BEGIN Exercise inputs
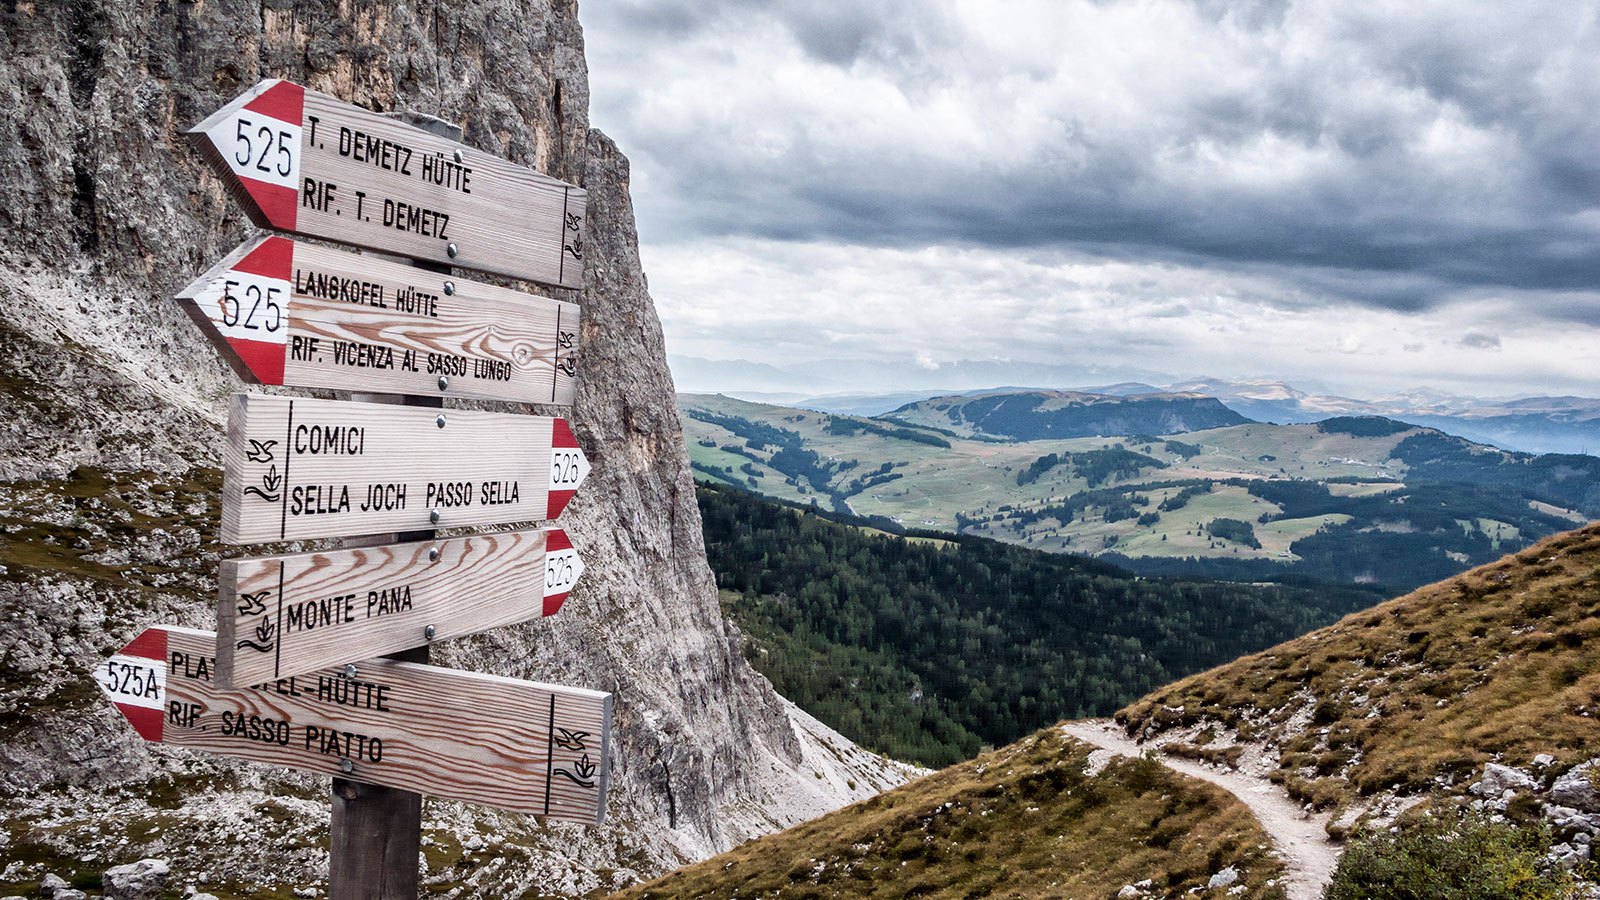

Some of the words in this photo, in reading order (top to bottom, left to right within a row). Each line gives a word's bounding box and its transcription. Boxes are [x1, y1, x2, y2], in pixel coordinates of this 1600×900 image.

[234, 118, 293, 178] 525
[308, 115, 325, 150] T.
[339, 126, 413, 176] DEMETZ
[422, 152, 472, 194] HÜTTE
[302, 177, 341, 216] RIF.
[355, 191, 370, 223] T.
[382, 198, 450, 241] DEMETZ
[223, 280, 281, 333] 525
[295, 269, 387, 309] LANGKOFEL
[395, 286, 439, 318] HÜTTE
[291, 336, 322, 363] RIF.
[333, 341, 394, 370] VICENZA
[401, 349, 419, 373] AL
[426, 353, 467, 377] SASSO
[474, 358, 512, 382] LUNGO
[295, 424, 365, 455] COMICI
[553, 453, 579, 484] 526
[290, 484, 350, 516] SELLA
[360, 483, 408, 512] JOCH
[426, 481, 473, 509] PASSO
[480, 481, 520, 506] SELLA
[547, 556, 573, 588] 525
[286, 594, 356, 634] MONTE
[367, 585, 413, 619] PANA
[107, 661, 159, 701] 525A
[168, 700, 208, 732] RIF.
[220, 710, 290, 747] SASSO
[305, 725, 384, 764] PIATTO
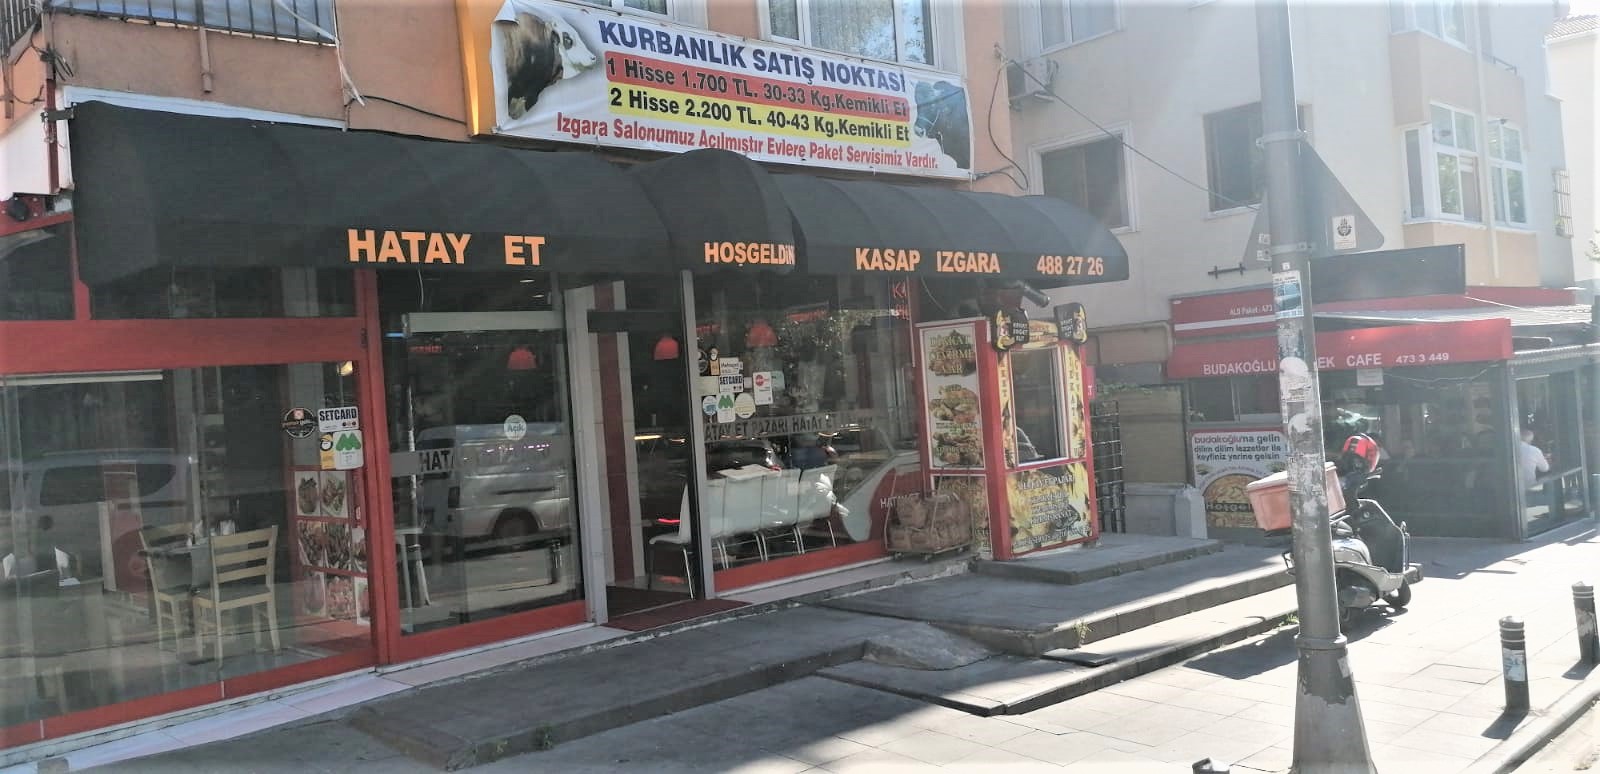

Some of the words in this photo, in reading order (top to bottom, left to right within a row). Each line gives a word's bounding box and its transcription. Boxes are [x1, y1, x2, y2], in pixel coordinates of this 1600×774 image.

[599, 20, 746, 68] KURBANLIK
[753, 48, 814, 84] SATIŞ
[821, 61, 905, 92] NOKTASI
[607, 58, 616, 76] 1
[624, 59, 675, 85] Hisse
[682, 71, 727, 93] 1.700
[732, 78, 758, 97] TL.
[764, 83, 805, 104] 30-33
[894, 101, 907, 117] Et
[610, 88, 622, 106] 2
[629, 90, 680, 115] Hisse
[685, 99, 731, 122] 2.200
[736, 106, 762, 125] TL.
[766, 111, 809, 131] 40-43
[896, 126, 910, 141] Et
[557, 112, 608, 138] Izgara
[613, 118, 695, 146] Salonumuz
[767, 138, 805, 157] Evlere
[809, 142, 843, 161] Paket
[847, 145, 903, 165] Servisimiz
[905, 152, 938, 168] Vardır.
[348, 229, 472, 264] HATAY
[504, 235, 546, 266] ET
[855, 247, 920, 272] KASAP
[937, 251, 1000, 274] IZGARA
[1036, 255, 1063, 275] 488
[1067, 256, 1082, 275] 27
[1087, 256, 1104, 275] 26
[1203, 360, 1276, 375] BUDAKOĞLU
[1346, 353, 1382, 367] CAFE
[319, 408, 358, 422] SETCARD
[1214, 444, 1234, 453] dilim
[1256, 433, 1280, 444] gelin
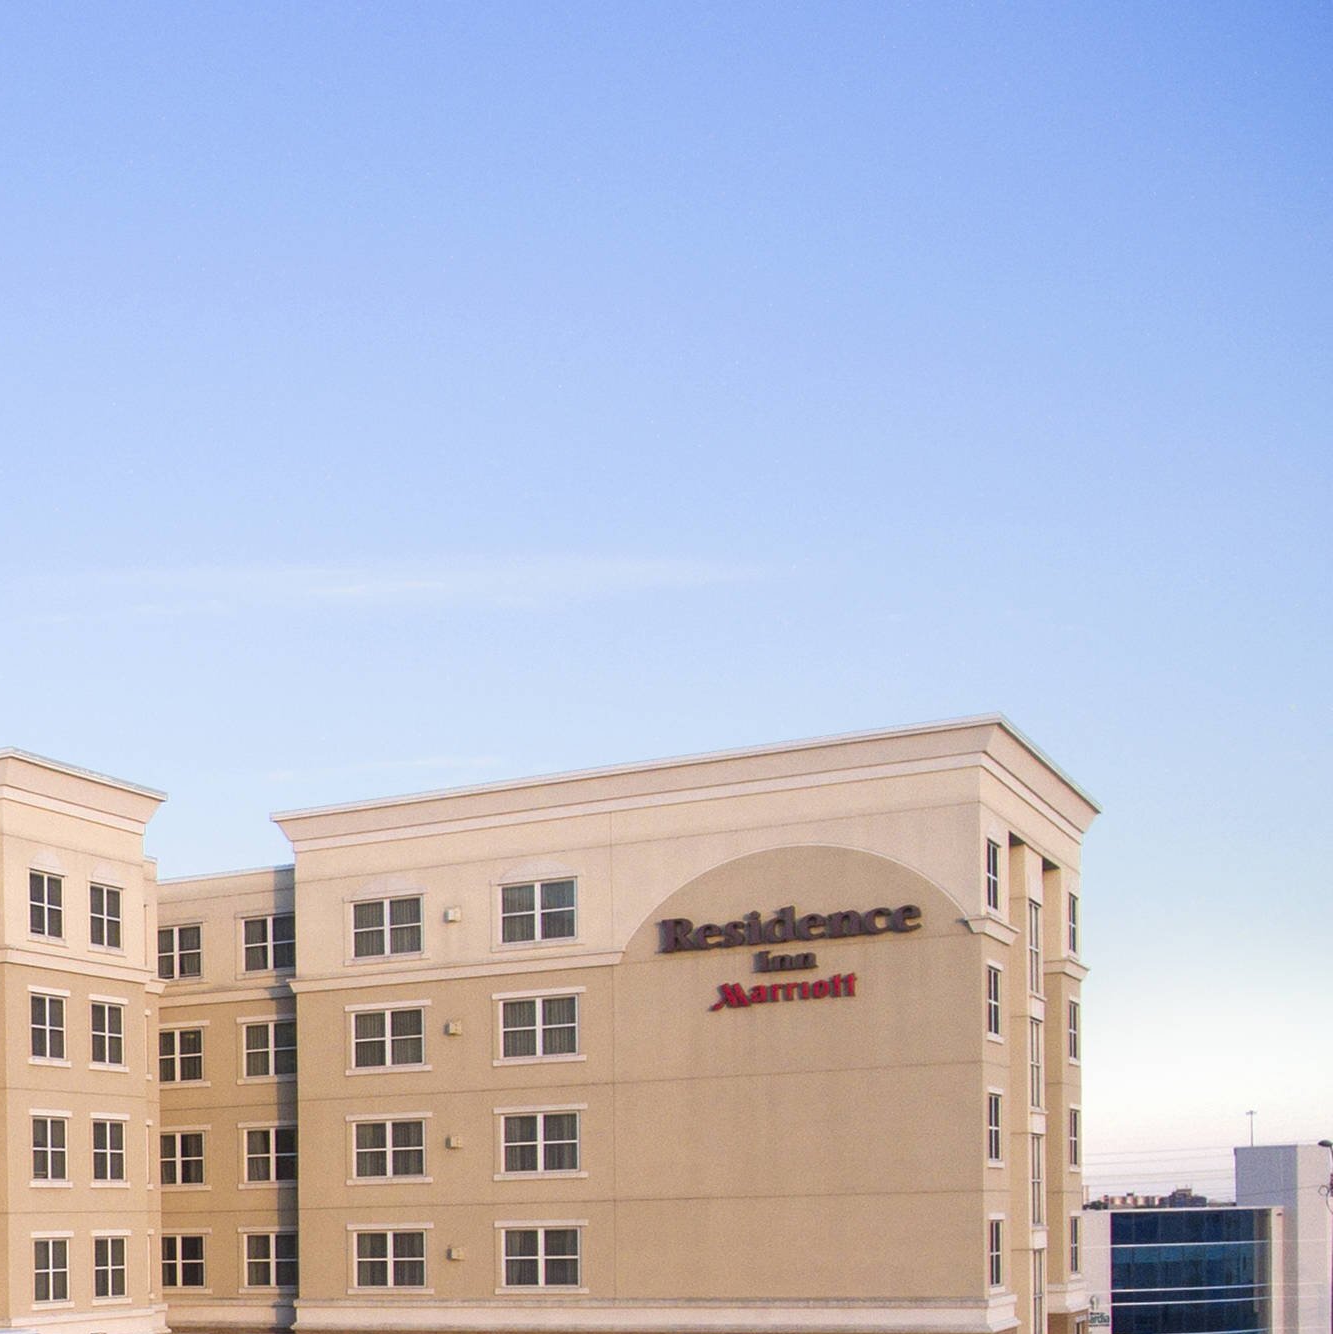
END Exercise inputs
▶ _Work required_:
Reproduce all entries above exactly, minus the images.

▶ _Output of the exercise_:
Some of the words in this photo, in reading order (top to bottom, left to right within a row). Each line gives a word's bounding box and its transcription. Boxes are [x1, y1, x2, y2], in pixel coordinates of this 1600×900 image.

[234, 118, 293, 178] 525
[308, 115, 325, 150] T.
[339, 126, 413, 176] DEMETZ
[422, 152, 472, 194] HÜTTE
[302, 177, 341, 216] RIF.
[355, 191, 370, 223] T.
[382, 198, 450, 241] DEMETZ
[223, 280, 281, 333] 525
[295, 269, 387, 309] LANGKOFEL
[395, 286, 439, 318] HÜTTE
[291, 336, 322, 363] RIF.
[333, 341, 394, 370] VICENZA
[401, 349, 419, 373] AL
[426, 353, 467, 377] SASSO
[474, 358, 512, 382] LUNGO
[295, 424, 365, 455] COMICI
[553, 453, 579, 484] 526
[290, 484, 350, 516] SELLA
[360, 483, 408, 512] JOCH
[426, 481, 473, 509] PASSO
[480, 481, 520, 506] SELLA
[547, 556, 573, 588] 525
[286, 594, 356, 634] MONTE
[367, 585, 413, 619] PANA
[107, 661, 159, 701] 525A
[168, 700, 208, 732] RIF.
[220, 710, 290, 747] SASSO
[305, 725, 384, 764] PIATTO

Some of the words in this photo, in reading order (top to bottom, left to right within a row). Each line gives a word's bounding box and its transcription. Boxes are [x1, y1, x2, y2], in pixel coordinates of this 1600×774 image.

[599, 20, 746, 68] KURBANLIK
[753, 48, 814, 84] SATIŞ
[821, 61, 905, 92] NOKTASI
[607, 58, 616, 76] 1
[624, 59, 675, 85] Hisse
[682, 71, 727, 93] 1.700
[732, 78, 758, 97] TL.
[764, 83, 805, 104] 30-33
[894, 101, 907, 117] Et
[610, 88, 622, 106] 2
[629, 90, 680, 115] Hisse
[685, 99, 731, 122] 2.200
[736, 106, 762, 125] TL.
[766, 111, 809, 131] 40-43
[896, 126, 910, 141] Et
[557, 112, 608, 138] Izgara
[613, 118, 695, 146] Salonumuz
[767, 138, 805, 157] Evlere
[809, 142, 843, 161] Paket
[847, 145, 903, 165] Servisimiz
[905, 152, 938, 168] Vardır.
[348, 229, 472, 264] HATAY
[504, 235, 546, 266] ET
[855, 247, 920, 272] KASAP
[937, 251, 1000, 274] IZGARA
[1036, 255, 1063, 275] 488
[1067, 256, 1082, 275] 27
[1087, 256, 1104, 275] 26
[1203, 360, 1276, 375] BUDAKOĞLU
[1346, 353, 1382, 367] CAFE
[319, 408, 358, 422] SETCARD
[1214, 444, 1234, 453] dilim
[1256, 433, 1280, 444] gelin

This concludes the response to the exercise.